**INSTRUCTIONS FOR THE TASK:** I would like every record reproduced exactly, with the pictures left out.

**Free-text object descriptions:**
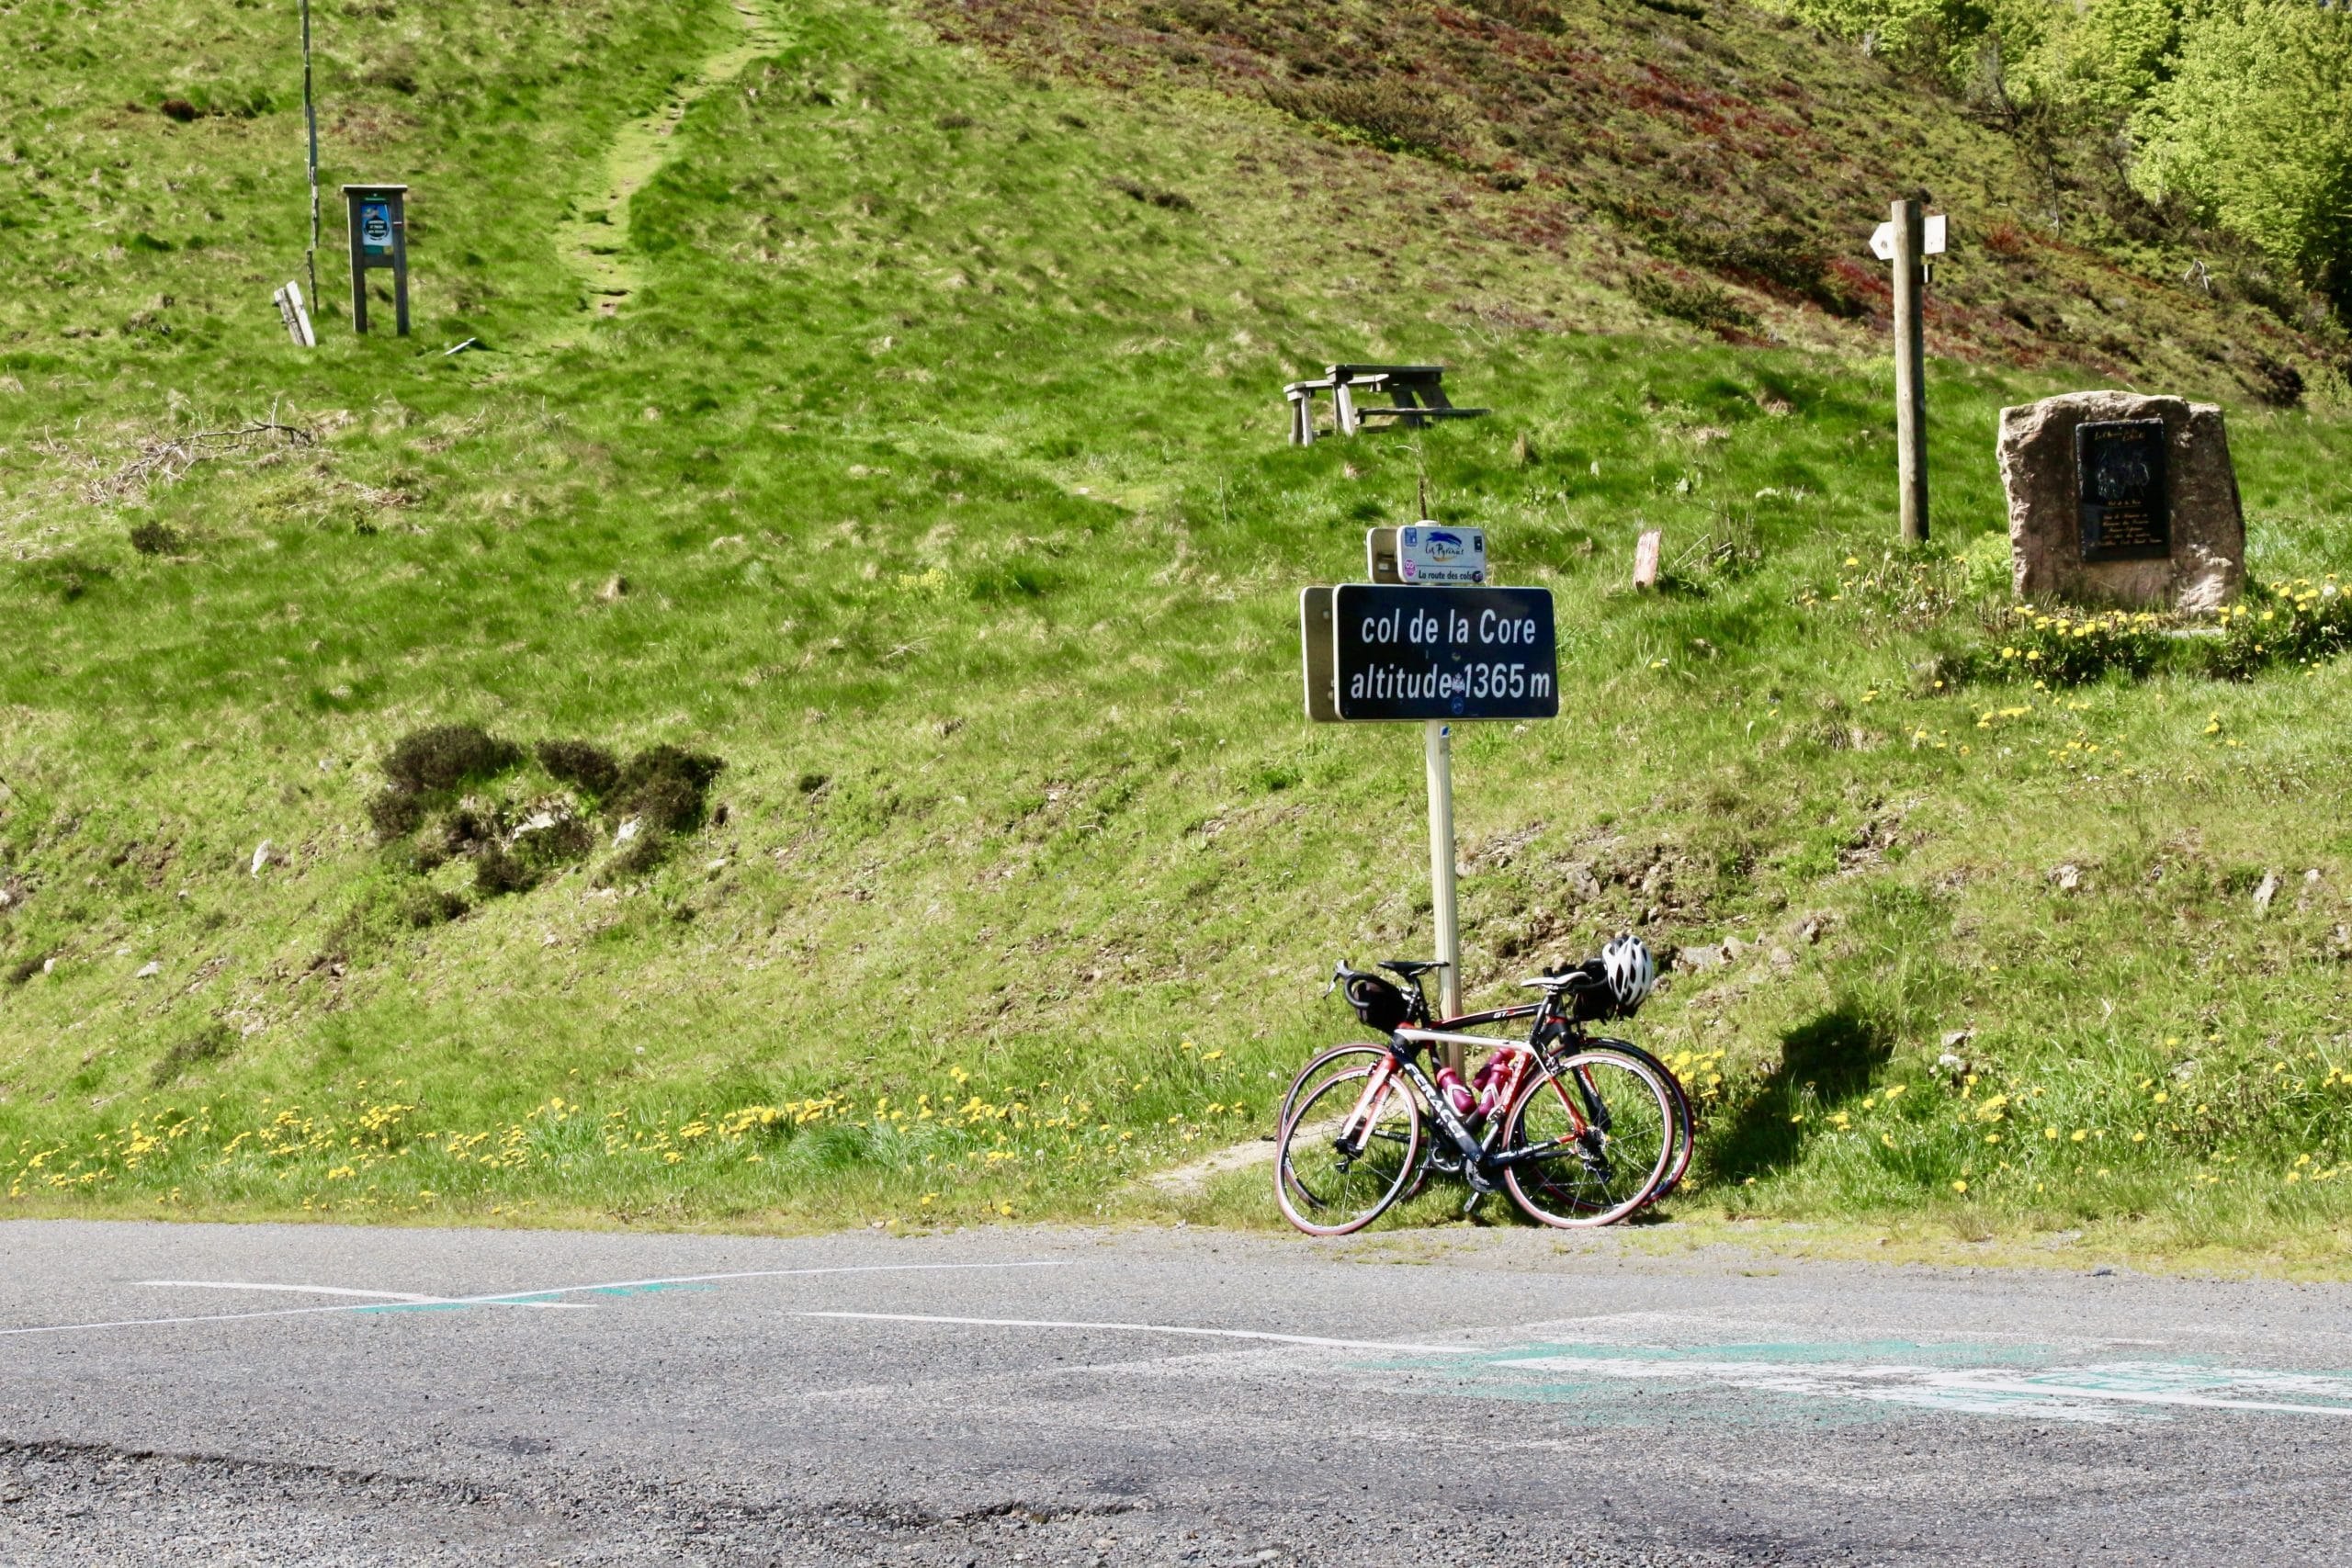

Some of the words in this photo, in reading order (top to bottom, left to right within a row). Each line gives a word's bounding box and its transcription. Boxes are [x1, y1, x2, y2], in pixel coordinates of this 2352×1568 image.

[1419, 570, 1426, 579] La
[1429, 571, 1444, 580] route
[1447, 570, 1458, 580] des
[1362, 608, 1400, 643] col
[1409, 608, 1439, 643] de
[1448, 609, 1469, 643] la
[1479, 608, 1536, 644] Core
[1351, 663, 1452, 699] altitude
[1464, 662, 1525, 698] 1365
[1530, 671, 1550, 697] m
[1403, 1063, 1466, 1139] FERACCI

**OUTPUT OF THE TASK:**
Some of the words in this photo, in reading order (top to bottom, left to right within a row). Each line gives a word's bounding box and its transcription. Boxes are [x1, y1, x2, y2], in pixel coordinates of this 2352×1568 image.

[1419, 570, 1426, 579] La
[1429, 571, 1444, 580] route
[1447, 570, 1458, 580] des
[1362, 608, 1400, 643] col
[1409, 608, 1439, 643] de
[1448, 609, 1469, 643] la
[1479, 608, 1536, 644] Core
[1351, 663, 1452, 699] altitude
[1464, 662, 1525, 698] 1365
[1530, 671, 1550, 697] m
[1403, 1063, 1466, 1139] FERACCI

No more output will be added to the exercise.